Free-text object descriptions
★ ★ ★ ★ ★
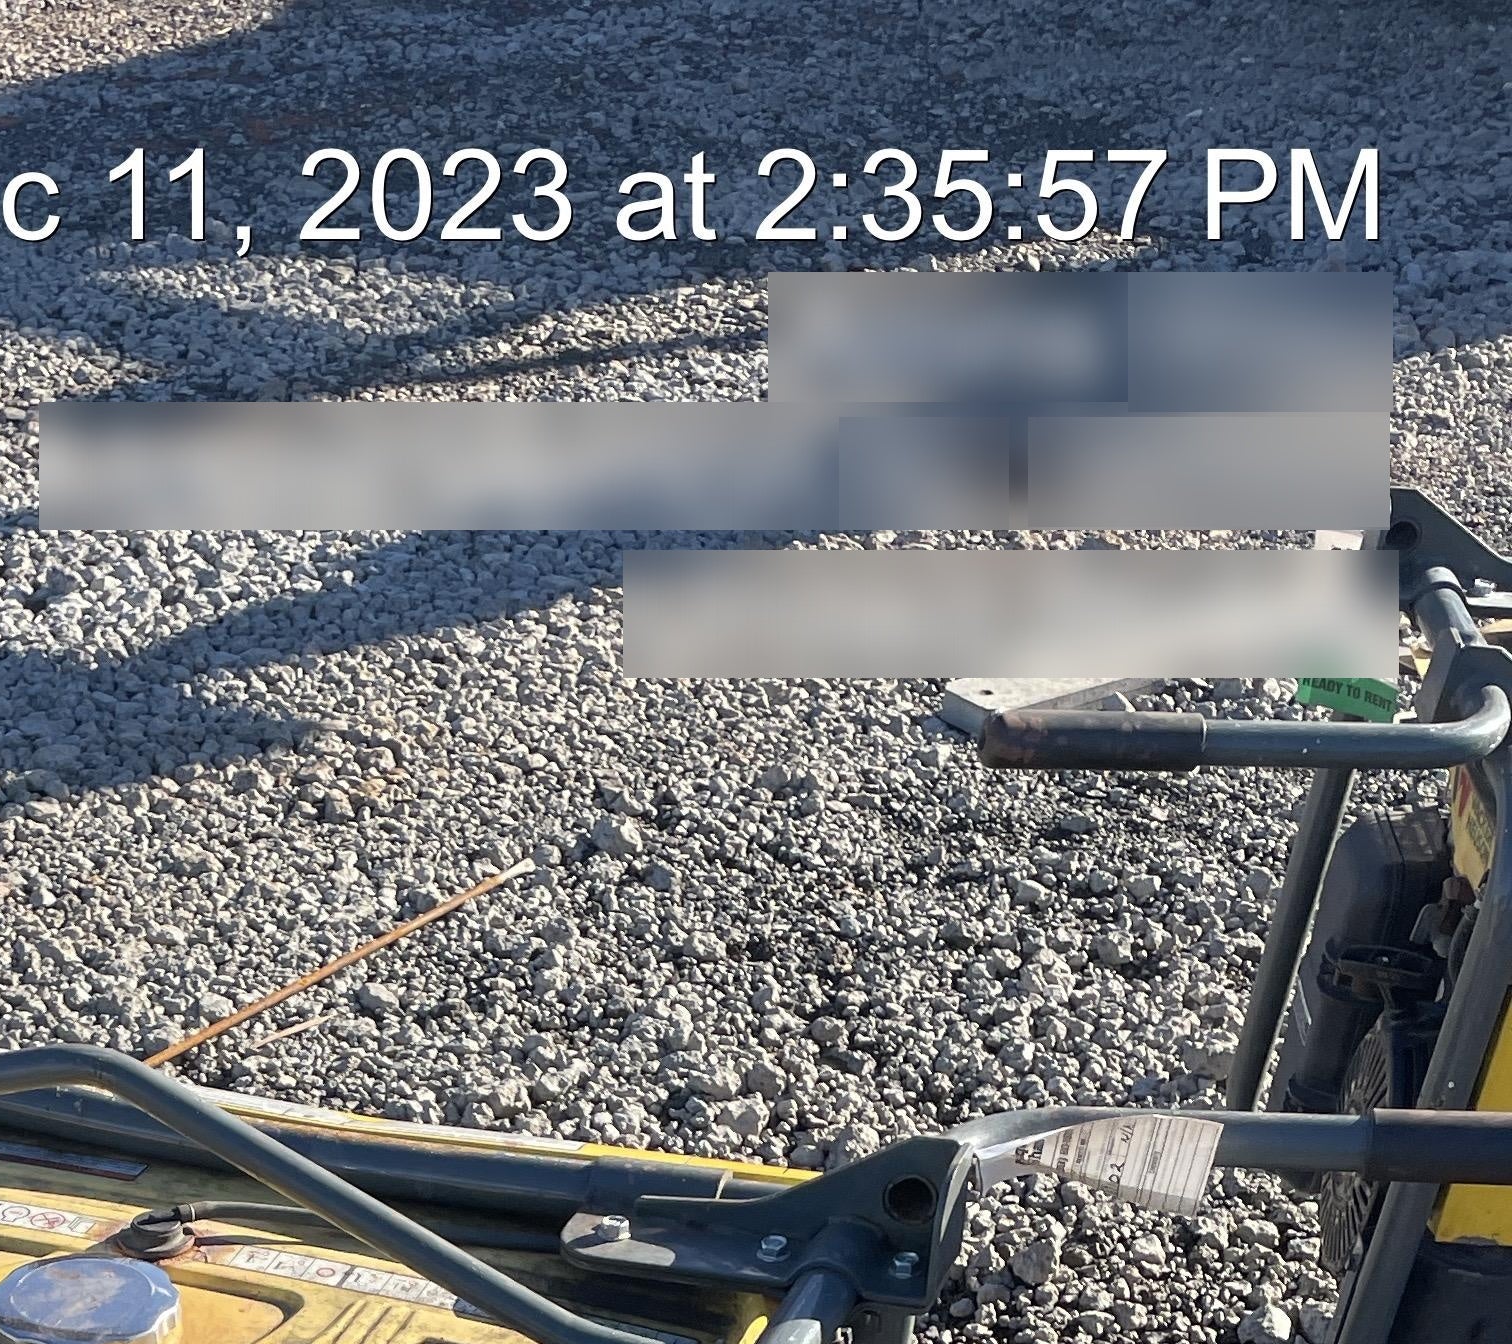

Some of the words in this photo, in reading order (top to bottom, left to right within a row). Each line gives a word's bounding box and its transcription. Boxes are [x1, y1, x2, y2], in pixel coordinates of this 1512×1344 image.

[1302, 678, 1344, 694] READY
[1346, 684, 1361, 699] TO
[1364, 690, 1392, 712] RENT
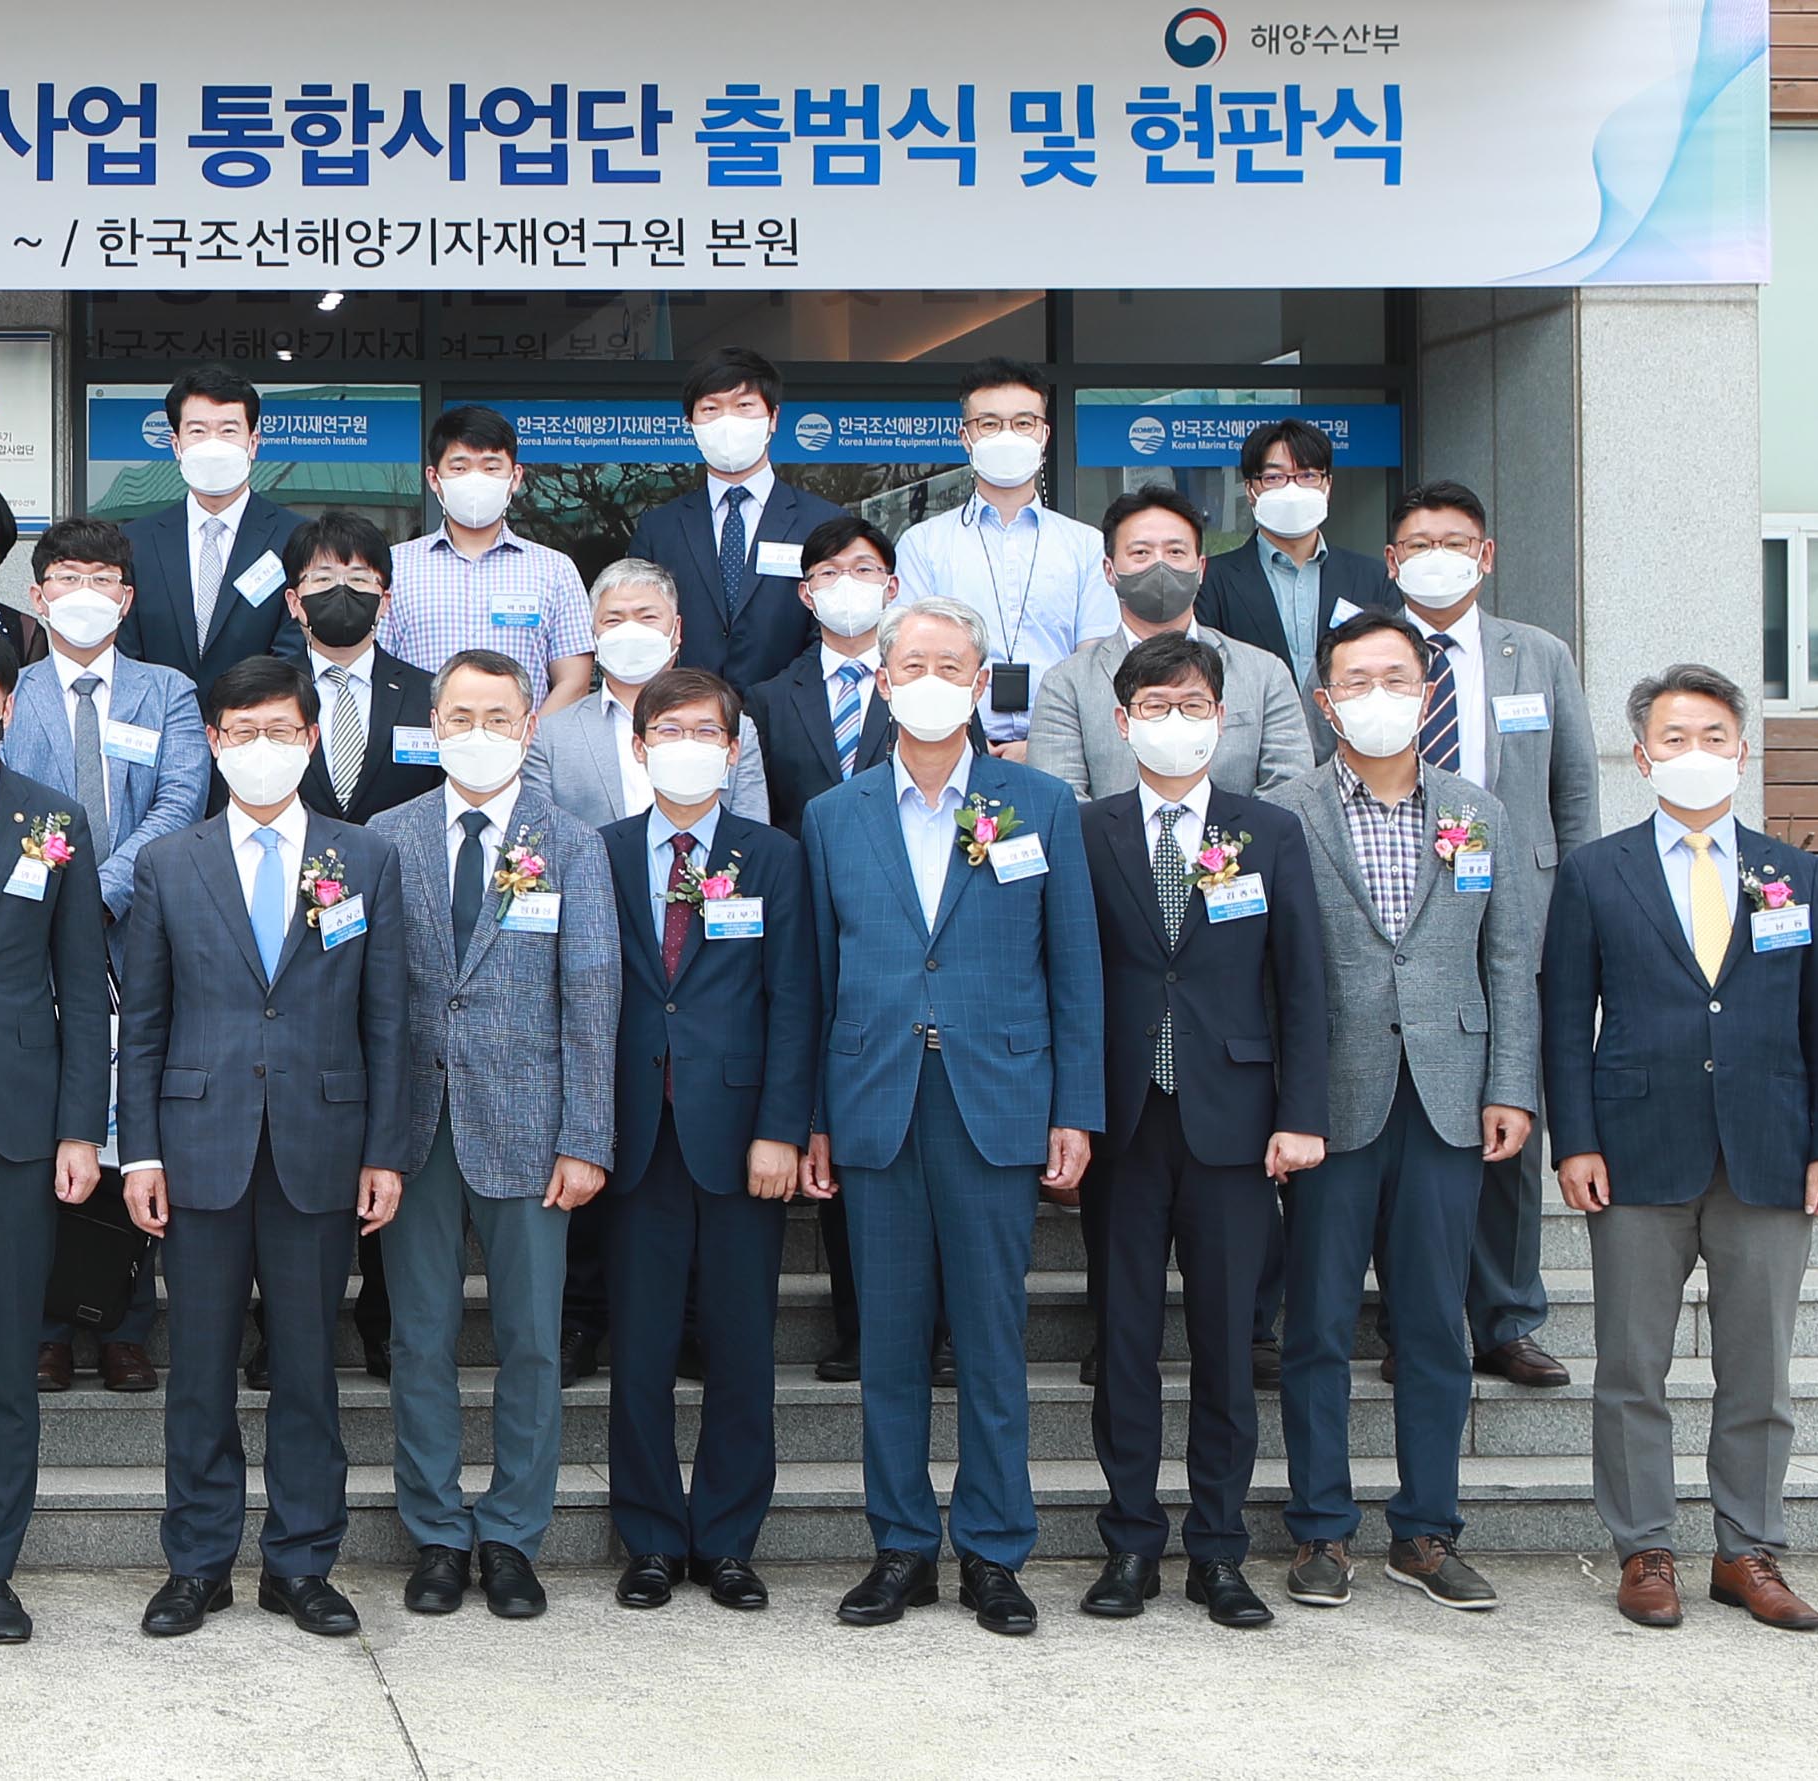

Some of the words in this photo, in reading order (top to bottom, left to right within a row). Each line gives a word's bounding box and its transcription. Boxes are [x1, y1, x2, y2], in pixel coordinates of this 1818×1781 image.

[1250, 22, 1401, 57] 해양수산부
[187, 83, 674, 189] 통합사업단
[694, 84, 977, 187] 출범식
[1009, 84, 1098, 188] 및
[1125, 84, 1403, 187] 현판식
[60, 218, 79, 268] /
[96, 217, 686, 269] 한국조선해양기자재연구원
[705, 217, 799, 268] 본원
[291, 436, 331, 446] Research
[333, 436, 368, 446] Institute
[516, 437, 542, 446] Korea
[543, 437, 572, 446] Marine
[573, 437, 619, 448] Equipment
[621, 437, 660, 446] Research
[838, 437, 863, 447] Korea
[865, 437, 893, 447] Marine
[895, 437, 940, 449] Equipment
[1171, 440, 1196, 450] Korea
[1198, 440, 1226, 450] Marine
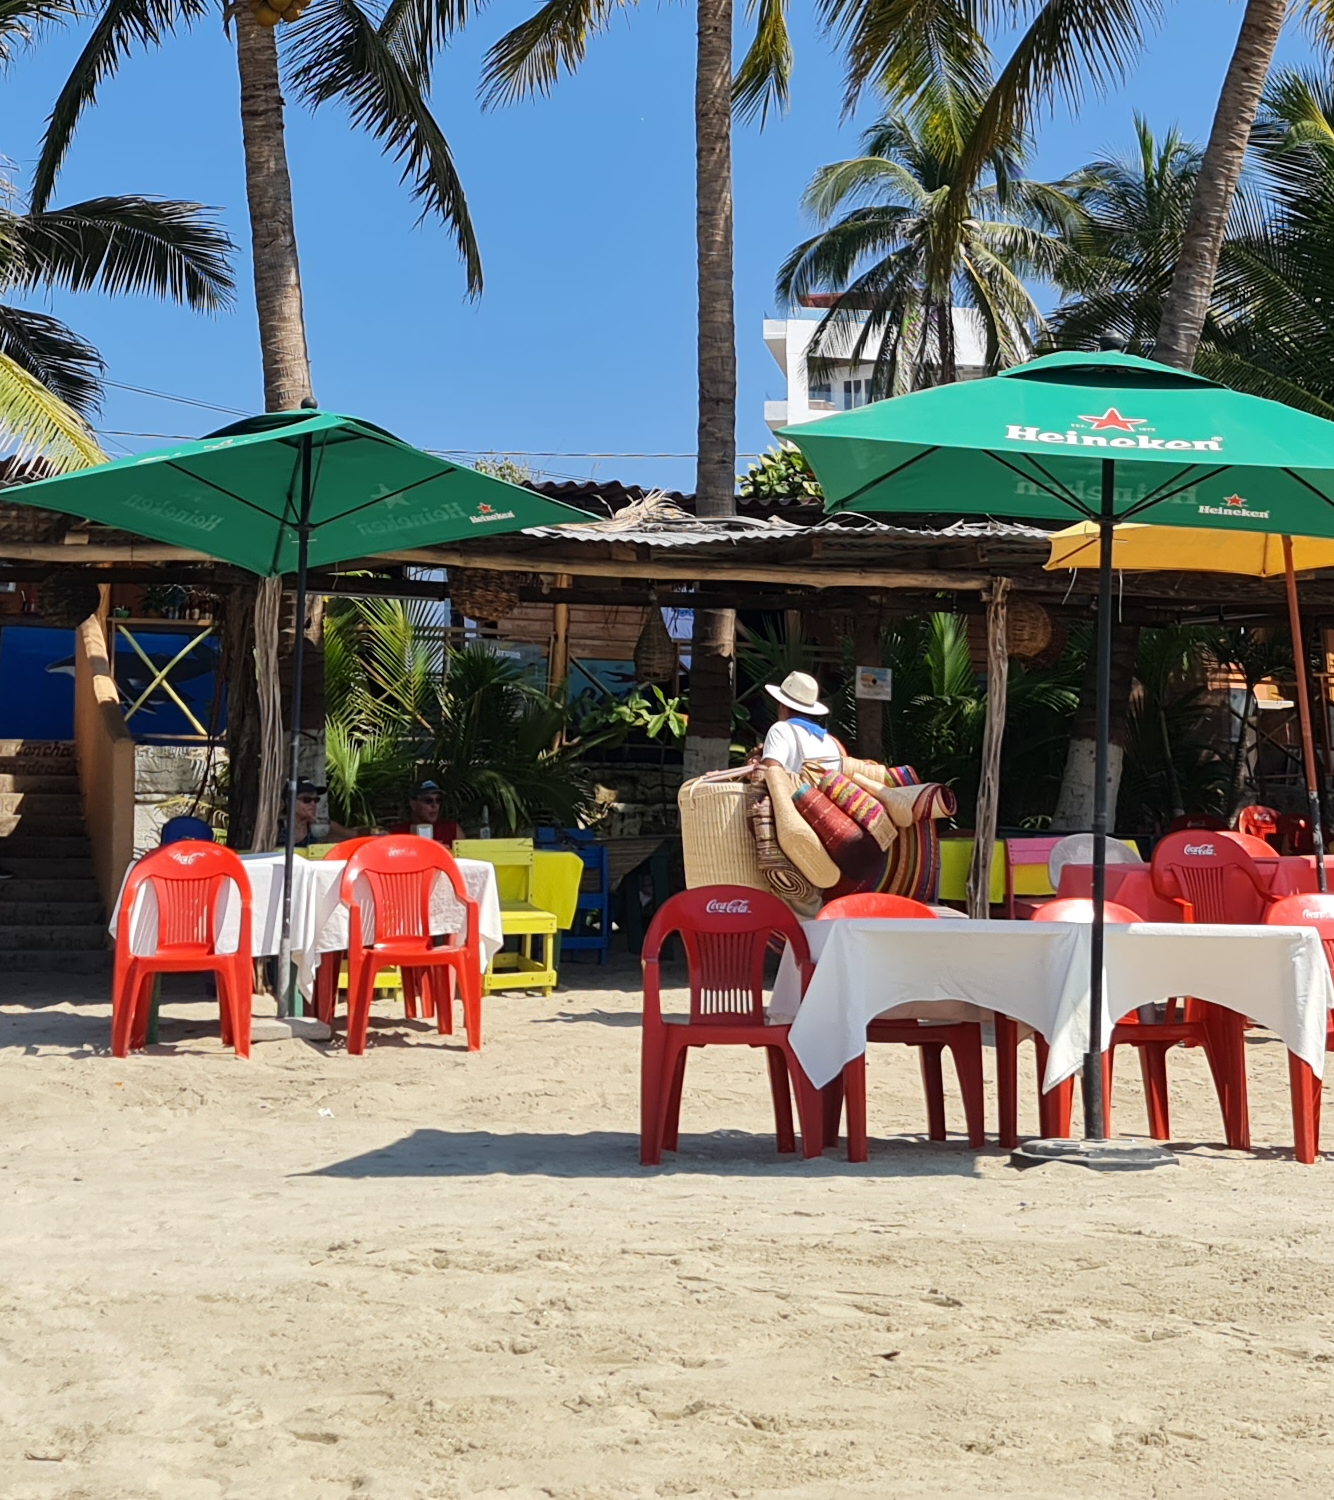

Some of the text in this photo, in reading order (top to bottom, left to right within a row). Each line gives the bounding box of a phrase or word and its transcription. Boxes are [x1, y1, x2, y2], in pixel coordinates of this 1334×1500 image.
★ ★ ★ ★ ★
* _EXERCISE PROMPT_
Take the entries above and restate them word for word, minus their images.

* _FINAL ANSWER_
Some of the words in this photo, in reading order (top to bottom, left to right within a row). Each line gives a word's bounding box and its transcription. Boxes are [x1, y1, x2, y2], in pixel coordinates of this 1512×1344 image.

[1302, 678, 1344, 694] READY
[1346, 684, 1361, 699] TO
[1364, 690, 1392, 712] RENT

Some of the words in this photo, in reading order (top to bottom, left to right within a row). Each line gives a word's bounding box and its transcription. Boxes are [x1, y1, x2, y2], in pixel coordinates of this 1818×1781 image.

[1250, 22, 1401, 57] 해양수산부
[187, 83, 674, 189] 통합사업단
[694, 84, 977, 187] 출범식
[1009, 84, 1098, 188] 및
[1125, 84, 1403, 187] 현판식
[60, 218, 79, 268] /
[96, 217, 686, 269] 한국조선해양기자재연구원
[705, 217, 799, 268] 본원
[291, 436, 331, 446] Research
[333, 436, 368, 446] Institute
[516, 437, 542, 446] Korea
[543, 437, 572, 446] Marine
[573, 437, 619, 448] Equipment
[621, 437, 660, 446] Research
[838, 437, 863, 447] Korea
[865, 437, 893, 447] Marine
[895, 437, 940, 449] Equipment
[1171, 440, 1196, 450] Korea
[1198, 440, 1226, 450] Marine

Some of the text in this photo, in reading order (top to bottom, left to right within a row). Each line gives the bounding box of a phrase or word and its transcription. Boxes are [x1, y1, x2, y2], in pixel coordinates of this 1334×1500 image.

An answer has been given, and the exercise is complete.